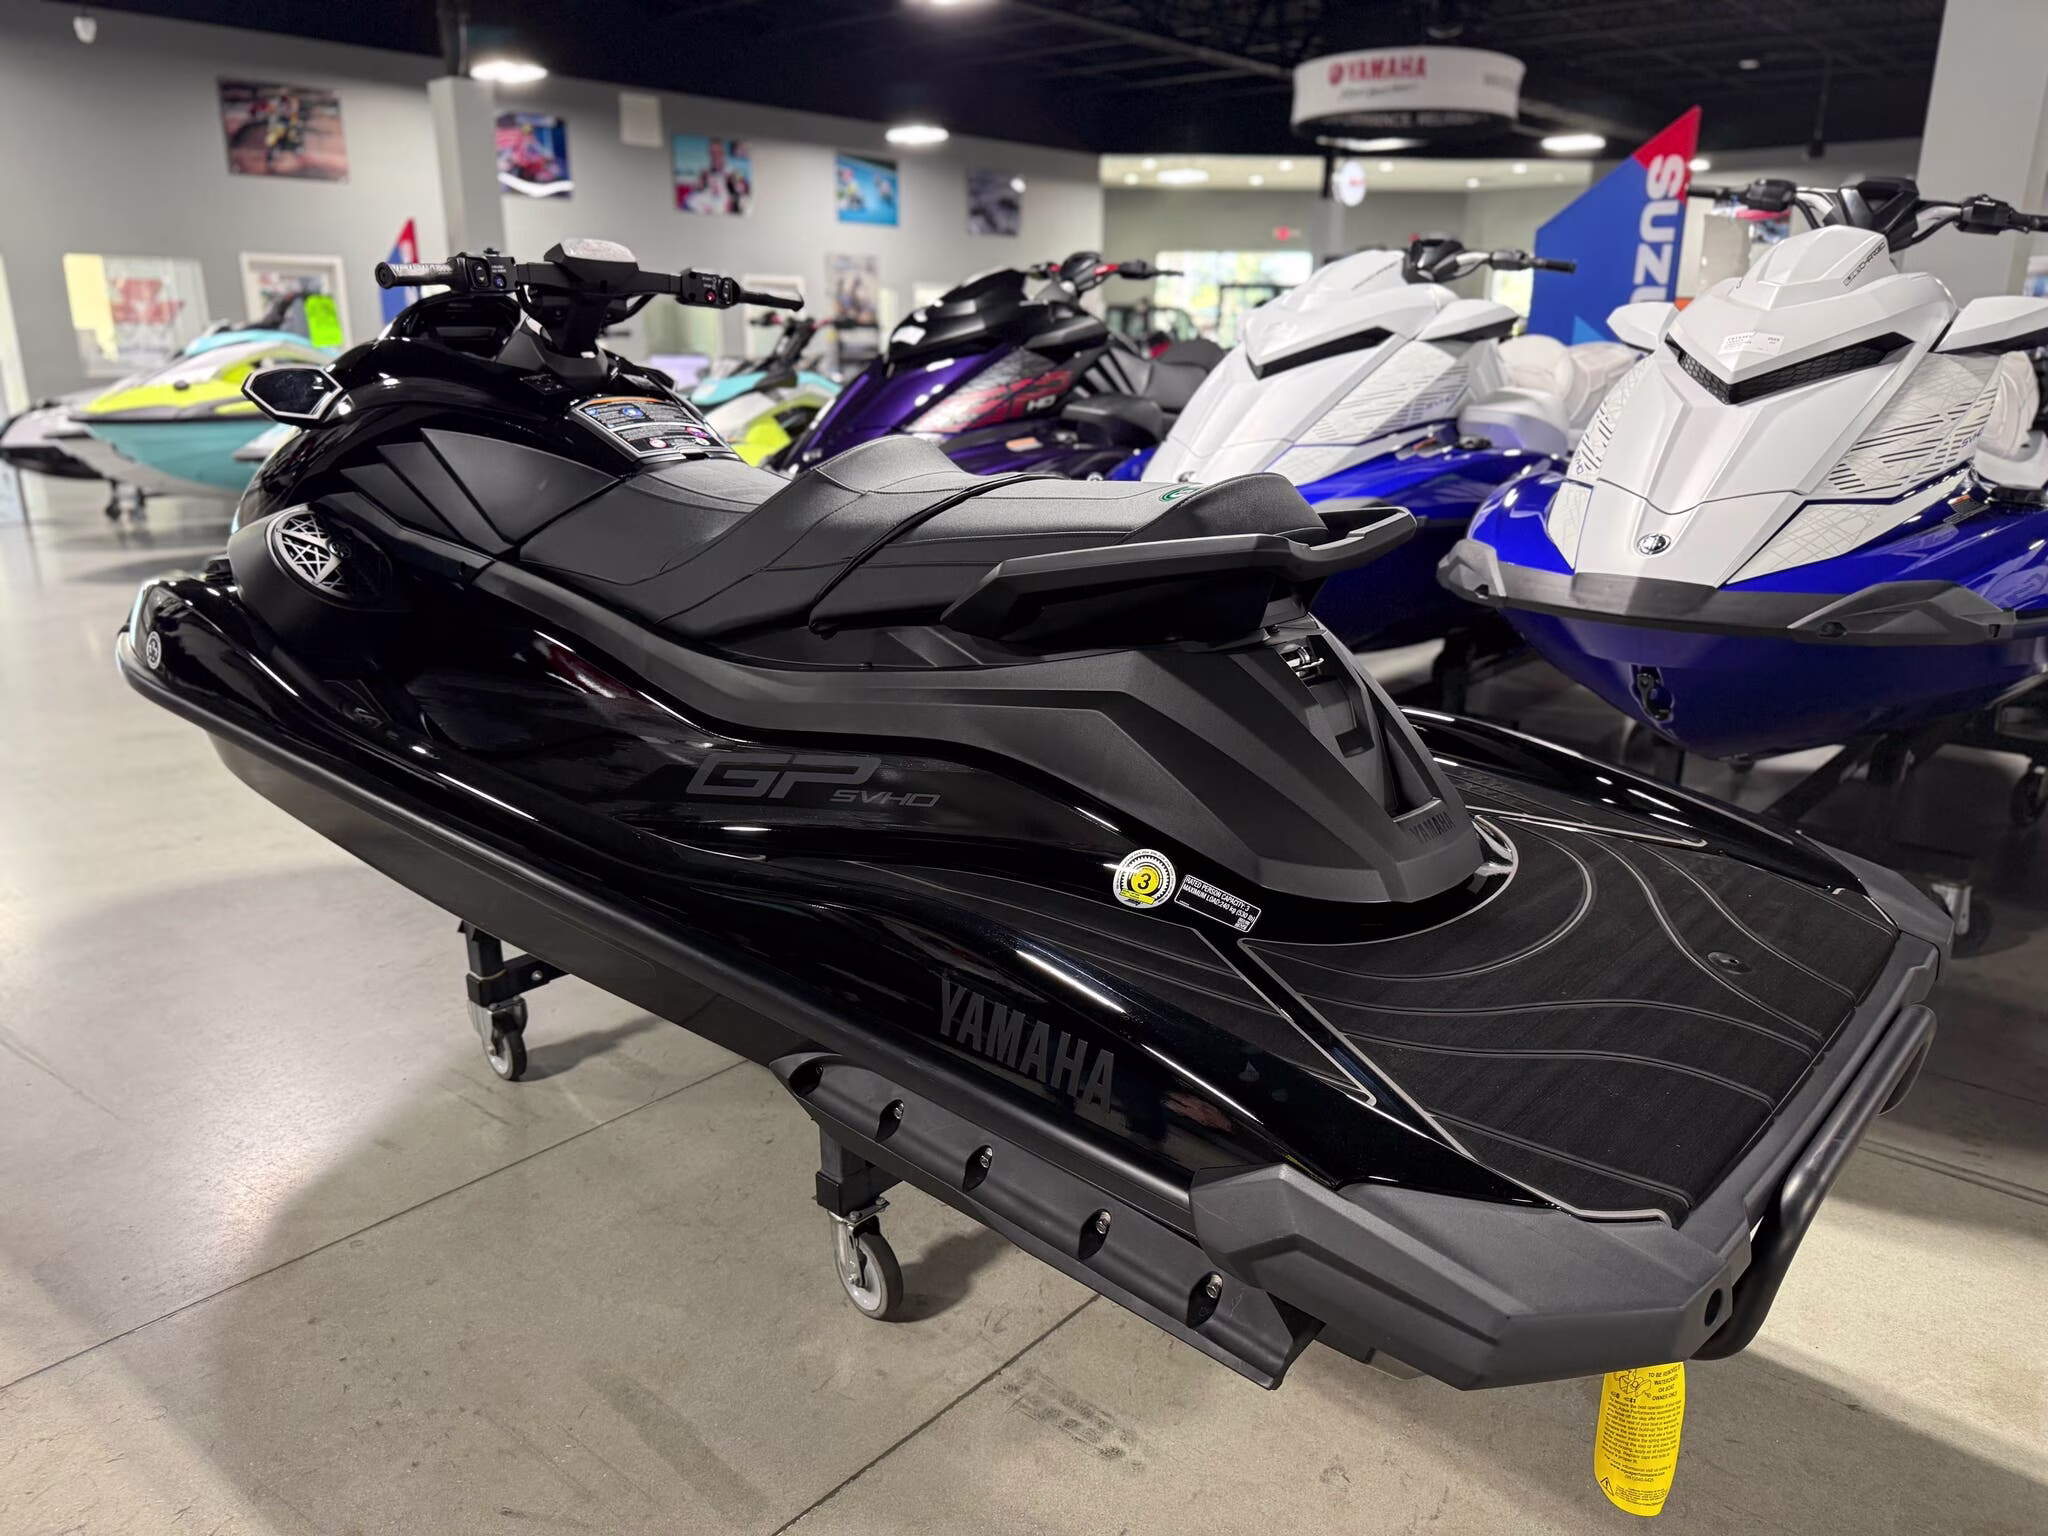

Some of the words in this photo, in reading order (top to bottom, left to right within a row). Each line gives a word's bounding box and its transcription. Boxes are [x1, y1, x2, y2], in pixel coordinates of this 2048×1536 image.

[1349, 56, 1427, 81] YAMAHA
[685, 753, 881, 799] GP
[829, 789, 942, 807] SVHO
[1408, 812, 1456, 844] YAMAHA
[1138, 873, 1151, 889] 3
[1183, 883, 1207, 900] MAXIMUM
[1201, 884, 1222, 898] PERSON
[1221, 893, 1245, 910] CAPACITY:
[939, 977, 1114, 1113] YAMAHA
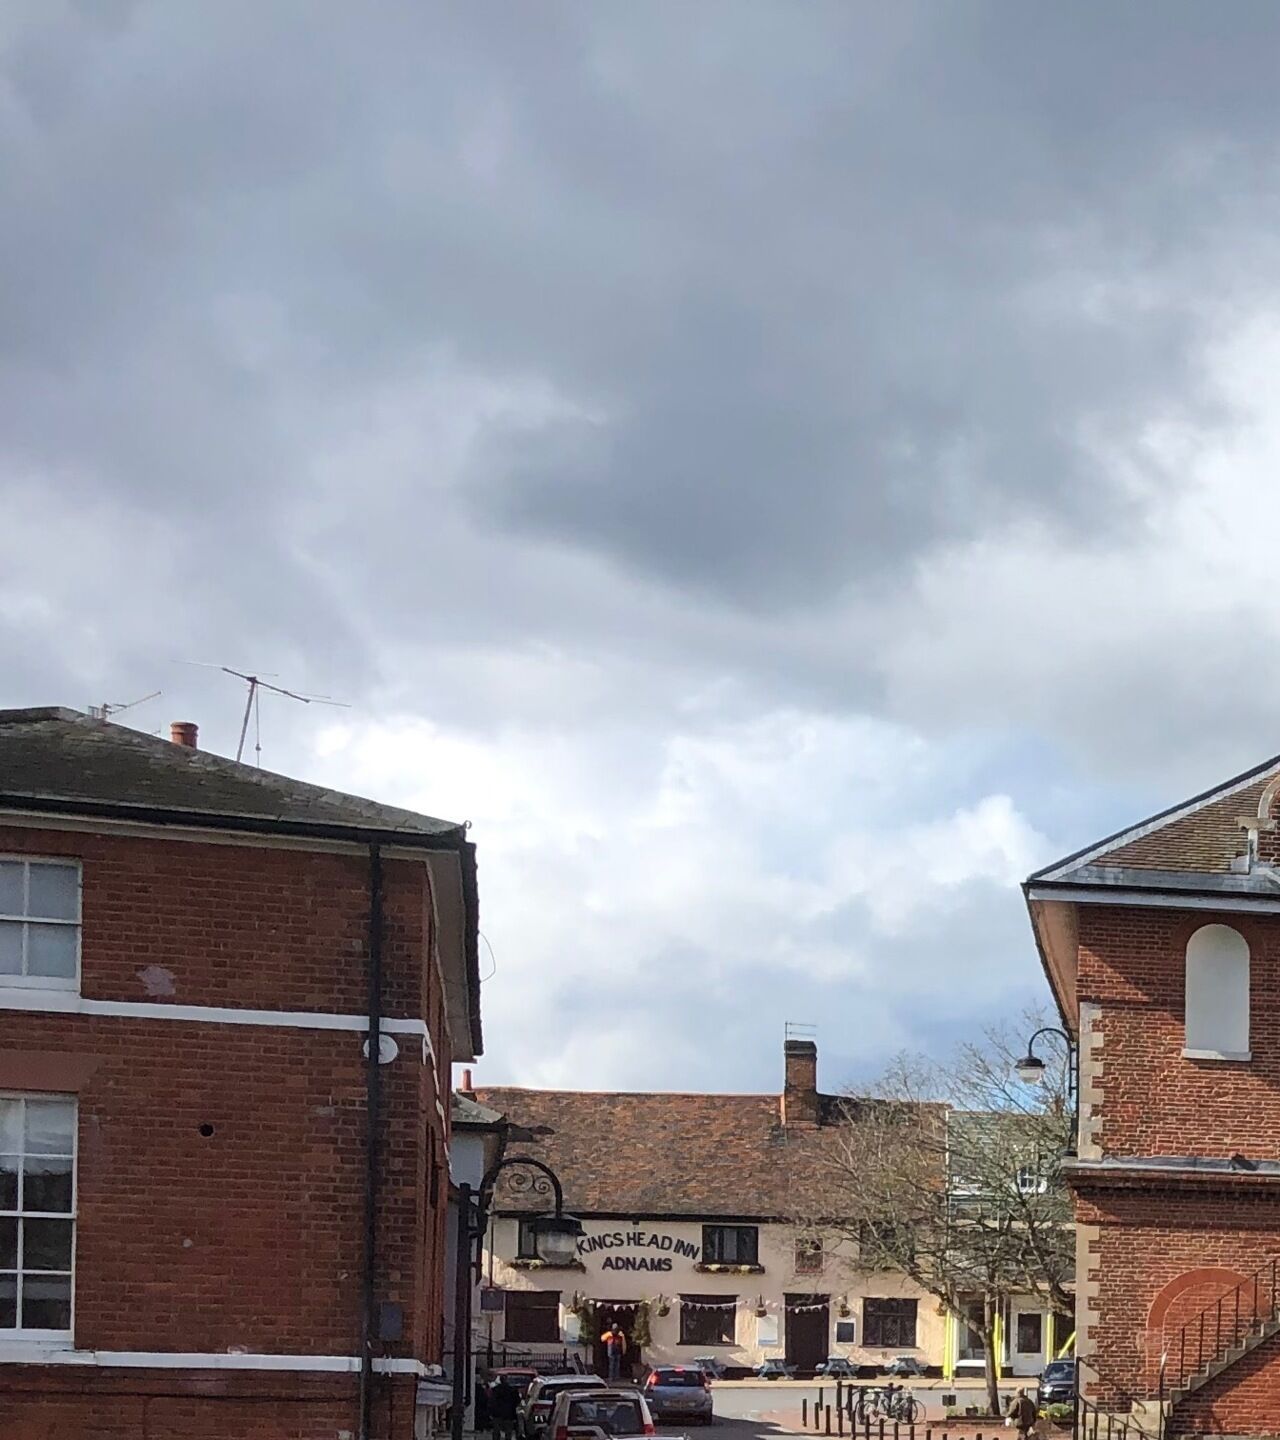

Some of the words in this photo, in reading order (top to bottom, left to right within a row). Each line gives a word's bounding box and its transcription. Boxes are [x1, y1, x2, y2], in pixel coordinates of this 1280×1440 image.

[576, 1232, 624, 1255] KINGS
[626, 1231, 673, 1250] HEAD
[673, 1238, 699, 1260] INN
[602, 1256, 673, 1272] ADNAMS

-- -- --

WHAT IS BEING ASKED: Retype word for word the line above with "this 1280×1440 image." and all lines after it, nothing else.

WRITTEN SOLUTION:
Some of the words in this photo, in reading order (top to bottom, left to right within a row). Each line gives a word's bounding box and its transcription. Boxes are [x1, y1, x2, y2], in pixel coordinates of this 1280×1440 image.

[576, 1232, 624, 1255] KINGS
[626, 1231, 673, 1250] HEAD
[673, 1238, 699, 1260] INN
[602, 1256, 673, 1272] ADNAMS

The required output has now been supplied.